As the region pushes forward with a multi-pronged approach to the future of mobility, the common consensus is that the development of infrastructure will be key. “Infrastructure is another key challenge for the adoption of new technologies. Airports, for example, must have facilities and infrastructure built in accordance with the best standards and with state-of-the-art technologies, which might be a major challenge for countries with less sophisticated systems,” says Hawes from the Airshow. Mellor from Hypermotion seconds that thought.

“There is one crucial condition that must be met to enable such a grand transformation to mobility: improved infrastructure. Without laying the proper foundations to allow these solutions to exist, they will remain concepts. We’re lucky that change in this part of the world can be instigated quickly and effectively. With the added benefit of new projects and developments emerging all the time, infrastructure will undoubtedly play a crucial role in master-planning,” notes Mellor.

The 1,200km Etihad Rail line which will connect all seven emirates of the UAE to Saudi Arabia, with passenger and freight services executed along the route, is yet another case study of far-sighted infrastructure planning within the region.

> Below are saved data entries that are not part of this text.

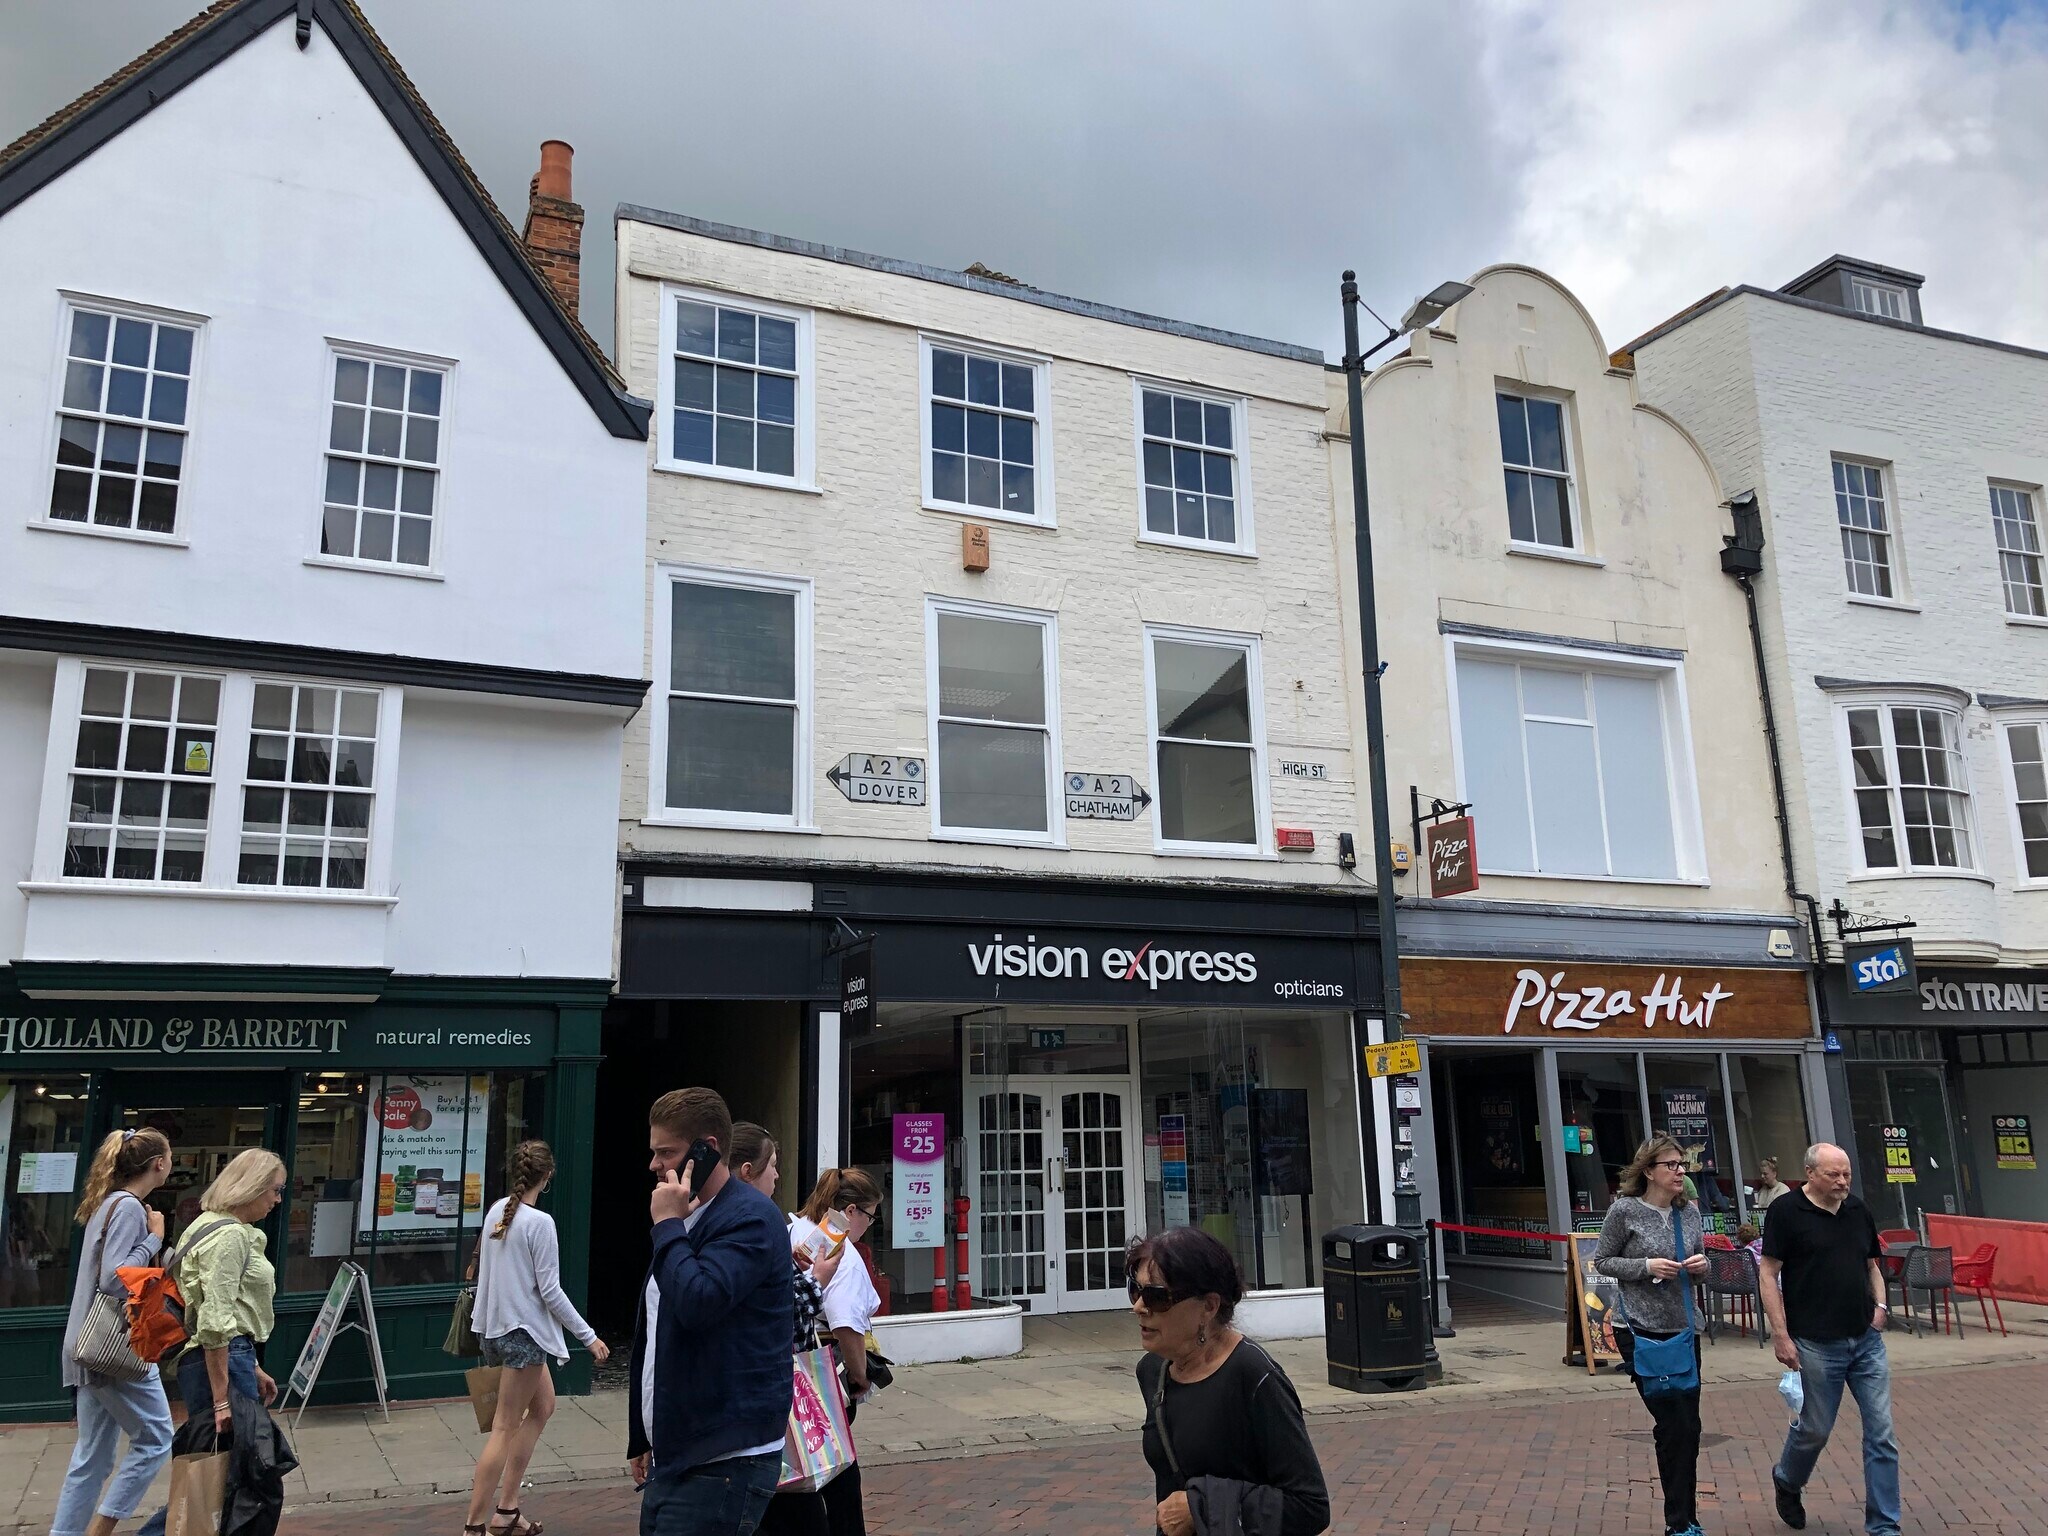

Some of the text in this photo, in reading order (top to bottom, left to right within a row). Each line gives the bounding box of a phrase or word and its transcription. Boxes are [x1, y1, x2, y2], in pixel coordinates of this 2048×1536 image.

[863, 759, 891, 775] A 2
[1282, 763, 1323, 777] HIGH ST
[858, 783, 918, 799] DOVER
[1094, 778, 1121, 793] A 2
[1069, 800, 1131, 814] CHATHAM
[1431, 838, 1468, 863] Pizza
[1437, 859, 1465, 881] Hut
[968, 933, 1258, 990] vision express
[1893, 947, 1908, 975] TRAVEL
[1858, 956, 1900, 984] sta
[847, 976, 865, 994] vision
[1274, 979, 1344, 998] opticians
[1504, 968, 1734, 1033] Pizza Hut
[1919, 976, 1965, 1011] sta
[843, 995, 868, 1015] express
[0, 1017, 347, 1054] HOLLAND & BARRETT
[376, 1028, 531, 1045] natural remedies
[1366, 1045, 1399, 1054] Pedestrian
[437, 1095, 453, 1105] Buy
[460, 1096, 473, 1105] gt
[437, 1104, 449, 1112] for
[1666, 1101, 1706, 1115] TAKEAWAY
[397, 1134, 404, 1142] &
[903, 1136, 936, 1154] £25
[382, 1147, 408, 1158] taying
[409, 1146, 425, 1155] well
[427, 1146, 443, 1155] this
[908, 1181, 931, 1195] £75
[906, 1206, 933, 1220] £5.95
[1523, 1220, 1549, 1234] Pizza

In countries where infrastructure is lacking, it is the private sector that is stepping in to tie up the loose ends – in January, DP World, the world’s largest operators of marine ports and inland cargo terminals, signed a 20-year concession agreement with the government of Angola to operate the Multipurpose Terminal (MPT) at the Port of Luanda in Angola. It pledged to invest $190m over that period to overhaul its existing infrastructure and acquire new equipment to help increase the terminal’s annual throughput to approximately 700,000 TEUs per year.

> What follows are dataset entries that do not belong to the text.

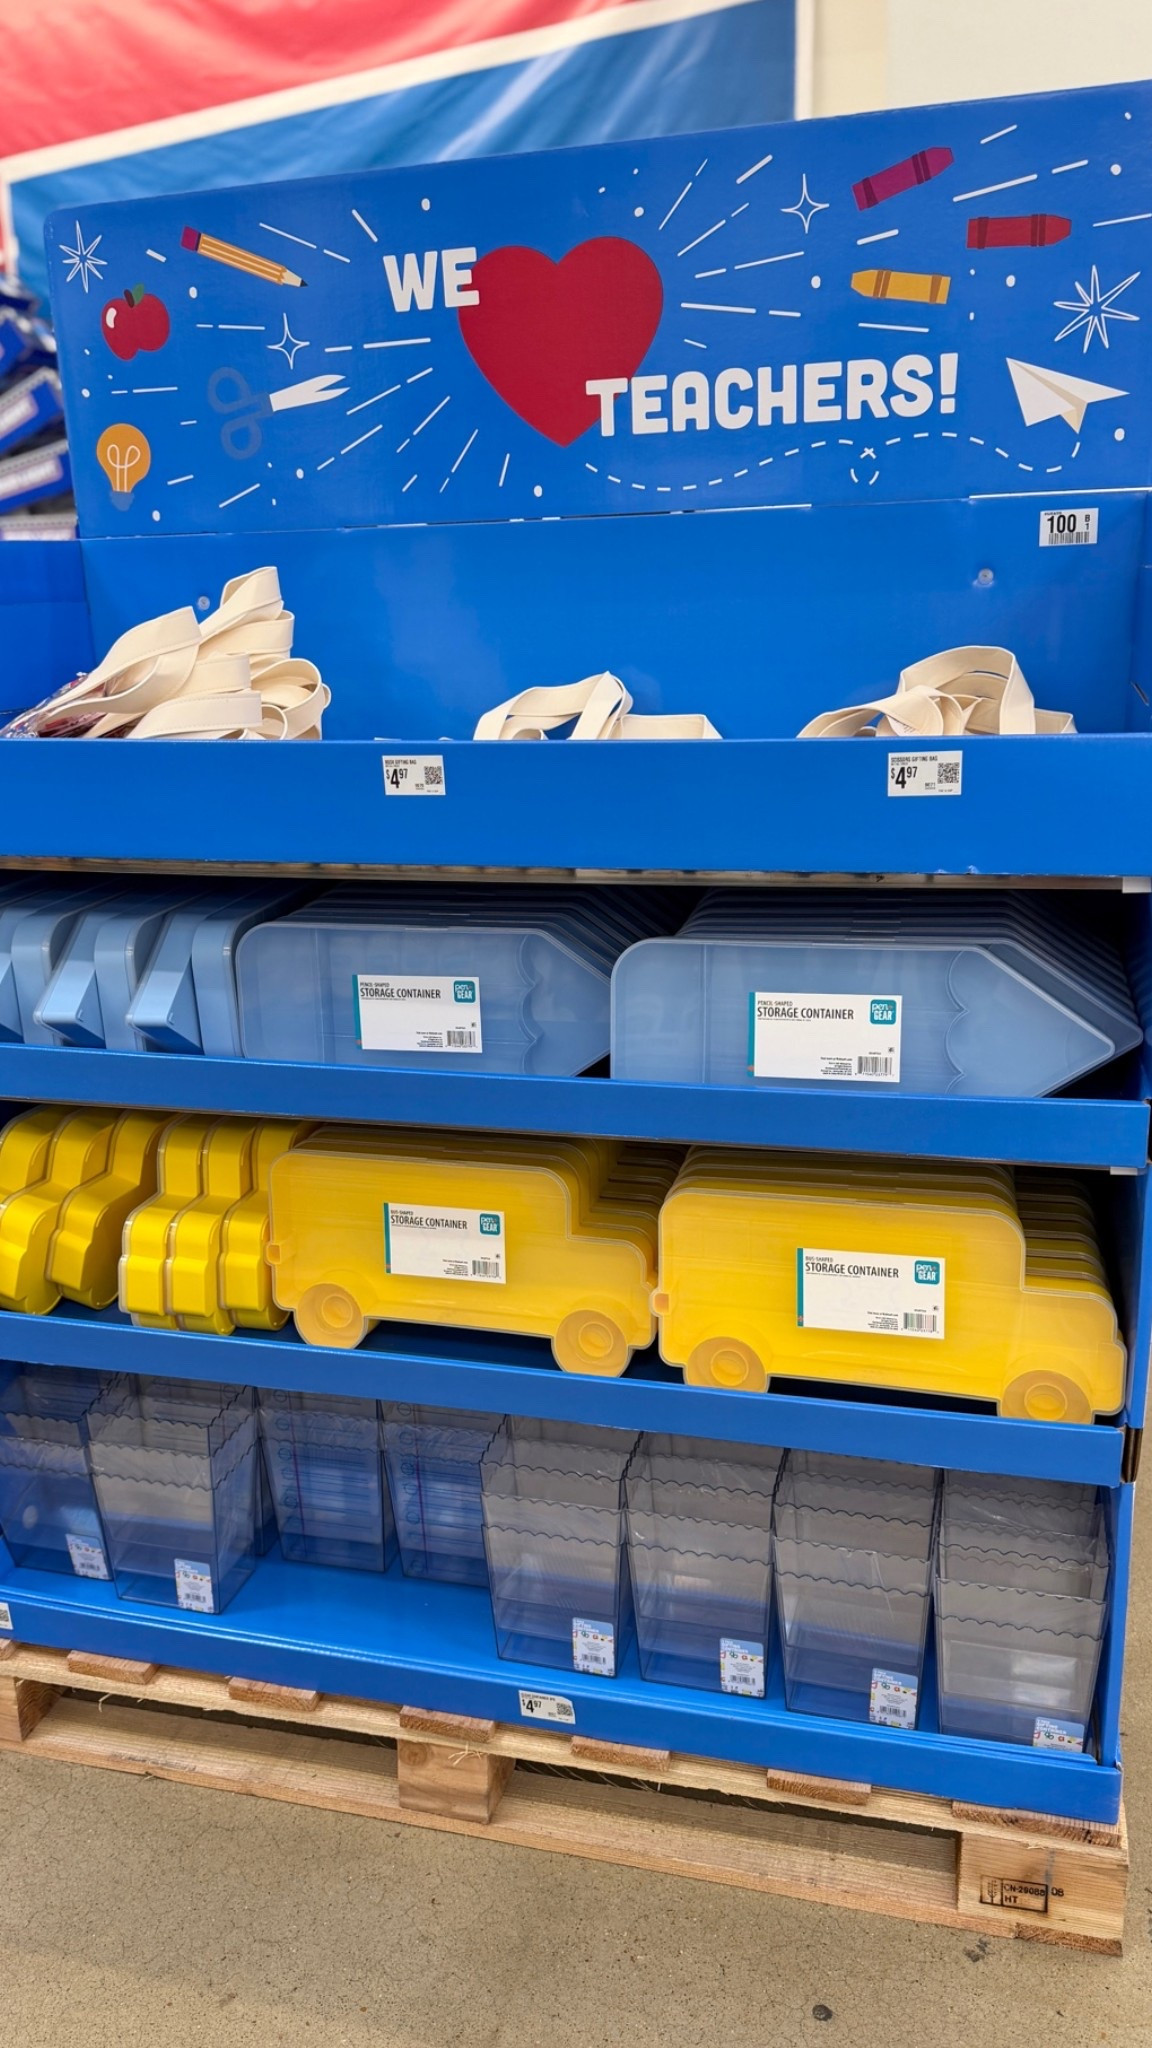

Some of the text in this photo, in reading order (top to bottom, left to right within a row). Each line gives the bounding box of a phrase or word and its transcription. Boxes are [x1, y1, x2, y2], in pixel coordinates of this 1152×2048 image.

[383, 247, 480, 312] WE
[585, 353, 959, 436] TEACHERS!
[1047, 514, 1077, 534] 100
[360, 988, 442, 999] STORAGE CONTAINER
[456, 991, 473, 999] GEAR
[757, 1007, 855, 1020] STORAGE CONTAINER
[873, 1011, 892, 1021] GEAR
[391, 1215, 424, 1226] STORAGE
[425, 1217, 468, 1230] CONTAINER
[482, 1222, 498, 1232] GEAR
[805, 1262, 845, 1274] STORAGE
[847, 1265, 899, 1278] CONTAINER
[918, 1271, 936, 1281] GEAR
[1004, 1895, 1018, 1904] HT

Closer to home, DP World has shown what the Virgin Hyperloop could mean for cargo services. The DP World Cargospeed, which will be built using the zero-emission propulsion hyperloop system repurposed for cargo, will transport high-priority, time sensitive goods including fresh food and medical supplies as well as connect with other existing modes of road, rail and air transport at manufacturing parks, distribution centres, economic zones, and regional urban centres.

“We haven’t seen a new mode of mass transit in over a century and hyperloop will revolutionise the world in the same way the plane, train, or cargo ship did in its time. We hope to have hyperloop running in years, not decades – governments all over the world are interested in this technology. First we regulate and certify, then we start building for passengers and cargo,” said a spokesperson for DP World.

The UAE’s ambitions for mobility extend extraterrestrial as well – its ingenious Hope Probe successfully entered Mars’ orbit earlier this year. Besides, the UAE Space Agency has signed onto NASA’s Artemis Accords for space exploration, while the Mohammed Bin Rashid Space Centre (MBRSC) has agreed with Japan’s ispace for the latter to deliver the Emirates Lunar Mission’s ‘Rashid’ rover to the Moon. The UAE is also working on the Mars 2117 Programme, which aims to build a human colony on the red planet within the next 100 years.

Before you relegate that to a fantastical state of mind and of ambition gone unchecked, pause and remind yourself of what they said about Musk only a few years ago.